> _Aim of the exercise_:
At the line containing "Some of the words", begin retyping, and stop after the last line of the data; add nothing.

Free-text object descriptions:
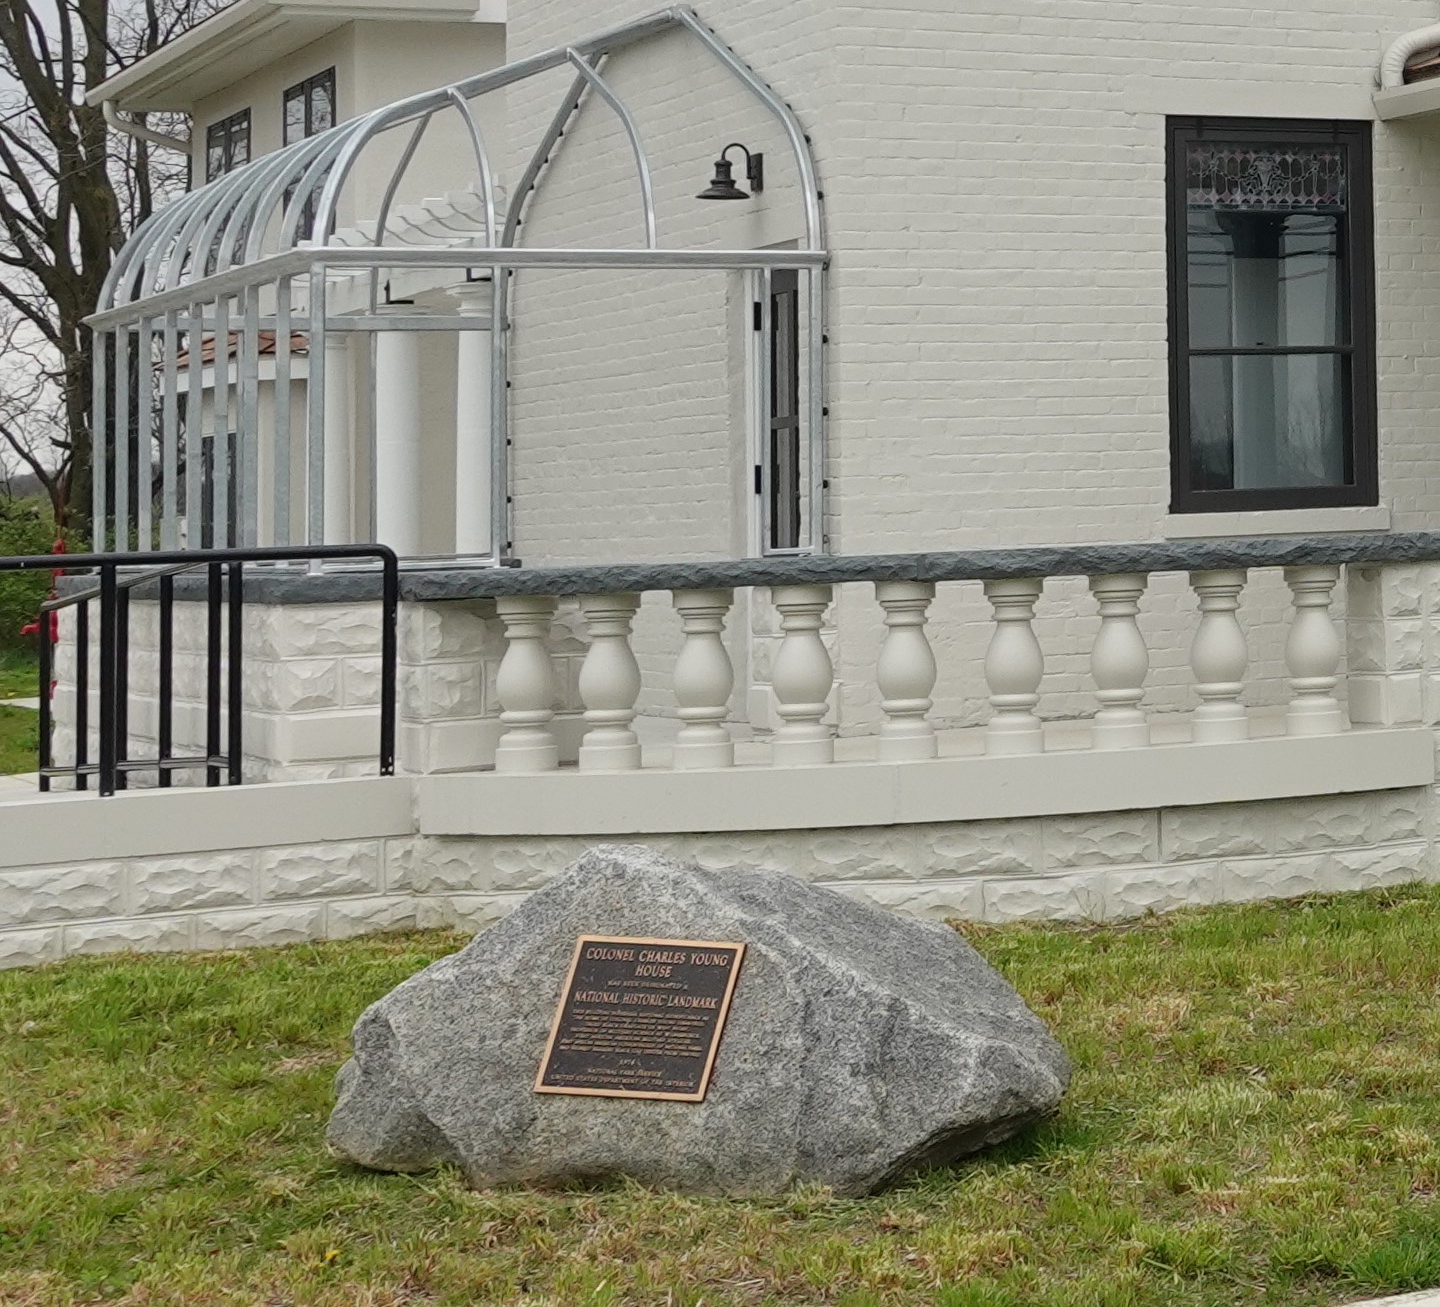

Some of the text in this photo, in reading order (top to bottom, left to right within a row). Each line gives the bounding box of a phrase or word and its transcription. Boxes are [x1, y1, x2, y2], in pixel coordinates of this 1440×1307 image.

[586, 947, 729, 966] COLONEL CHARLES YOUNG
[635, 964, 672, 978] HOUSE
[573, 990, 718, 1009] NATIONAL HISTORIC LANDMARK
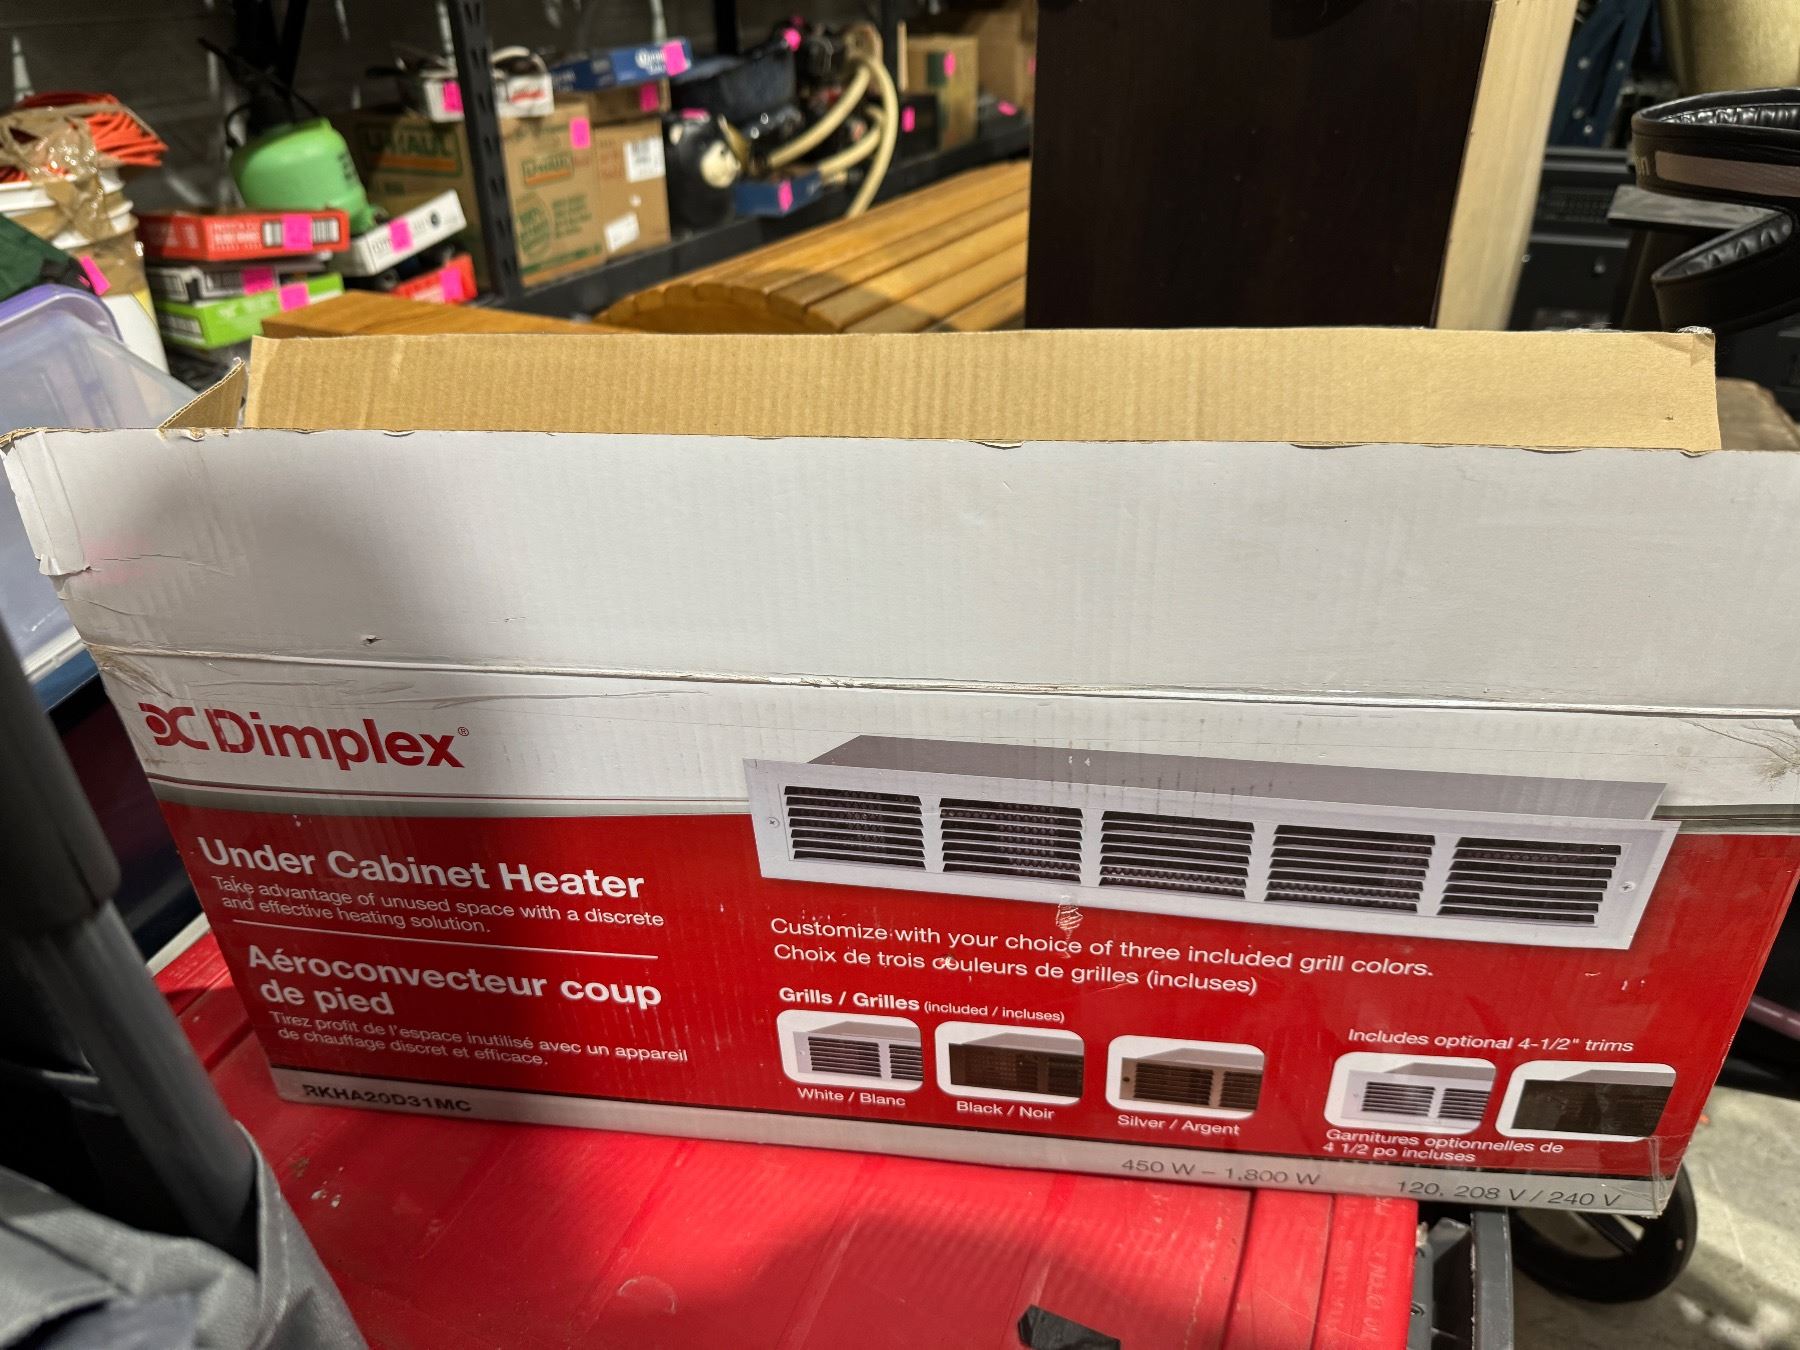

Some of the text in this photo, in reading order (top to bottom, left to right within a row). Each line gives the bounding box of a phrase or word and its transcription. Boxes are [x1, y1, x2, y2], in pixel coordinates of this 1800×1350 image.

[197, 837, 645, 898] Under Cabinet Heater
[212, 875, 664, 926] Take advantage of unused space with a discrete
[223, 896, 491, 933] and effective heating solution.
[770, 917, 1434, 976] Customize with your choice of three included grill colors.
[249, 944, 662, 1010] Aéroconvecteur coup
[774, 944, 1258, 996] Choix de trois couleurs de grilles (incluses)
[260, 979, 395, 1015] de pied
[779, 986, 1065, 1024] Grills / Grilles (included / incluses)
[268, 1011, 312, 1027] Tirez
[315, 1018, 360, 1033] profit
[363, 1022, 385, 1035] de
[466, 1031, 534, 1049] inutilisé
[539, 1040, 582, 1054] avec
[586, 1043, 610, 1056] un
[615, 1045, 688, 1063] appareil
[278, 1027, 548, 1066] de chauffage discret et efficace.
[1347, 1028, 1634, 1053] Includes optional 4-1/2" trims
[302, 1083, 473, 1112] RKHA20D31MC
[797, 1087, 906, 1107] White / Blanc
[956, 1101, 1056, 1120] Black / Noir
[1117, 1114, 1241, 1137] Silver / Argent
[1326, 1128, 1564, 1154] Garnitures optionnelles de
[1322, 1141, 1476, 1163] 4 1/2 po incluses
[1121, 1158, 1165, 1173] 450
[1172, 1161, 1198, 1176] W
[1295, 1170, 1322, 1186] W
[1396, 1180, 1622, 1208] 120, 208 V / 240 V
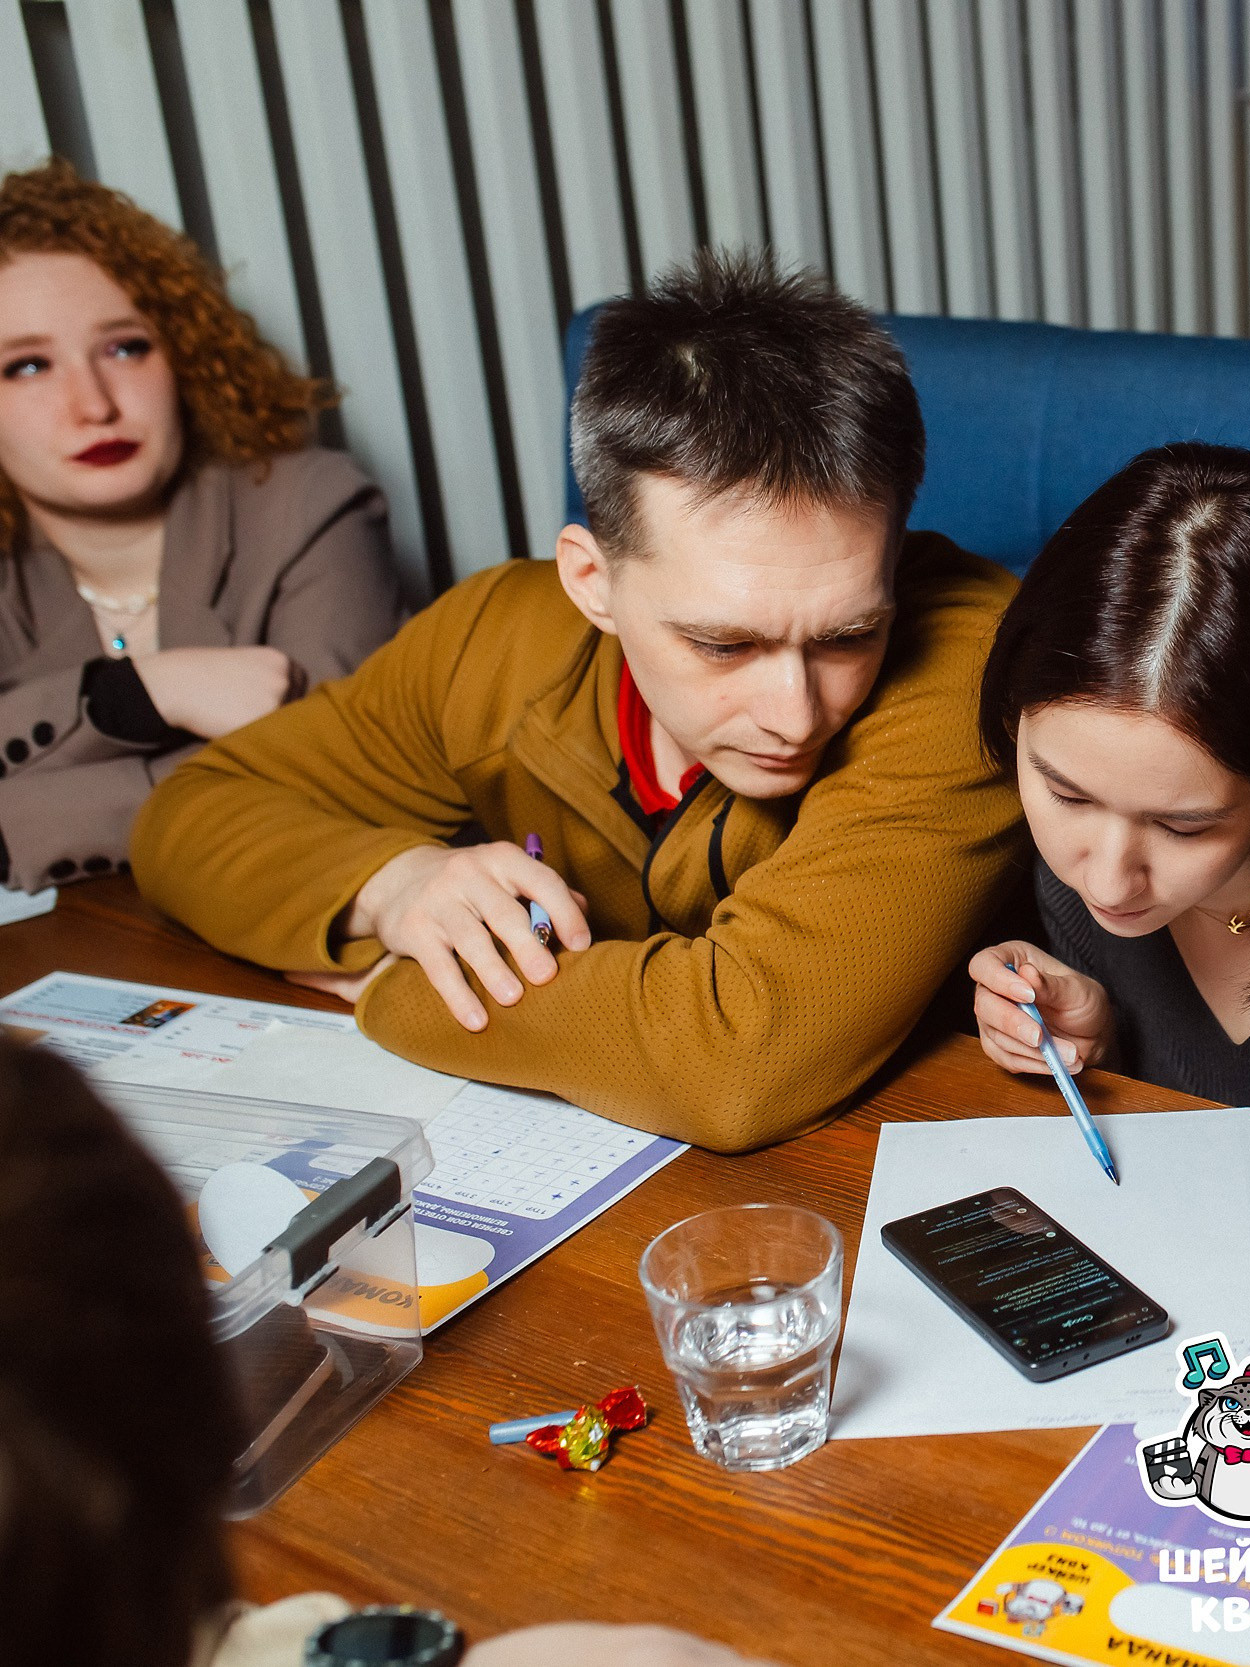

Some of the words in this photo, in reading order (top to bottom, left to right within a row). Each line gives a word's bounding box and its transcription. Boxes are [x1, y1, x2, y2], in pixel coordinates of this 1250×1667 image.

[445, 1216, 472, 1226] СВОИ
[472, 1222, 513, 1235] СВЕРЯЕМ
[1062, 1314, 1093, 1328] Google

> _Output_:
Some of the words in this photo, in reading order (top to bottom, left to right within a row). Each line gives a word's bounding box and its transcription. Boxes are [x1, y1, x2, y2], in pixel coordinates of this 1250×1667 image.

[445, 1216, 472, 1226] СВОИ
[472, 1222, 513, 1235] СВЕРЯЕМ
[1062, 1314, 1093, 1328] Google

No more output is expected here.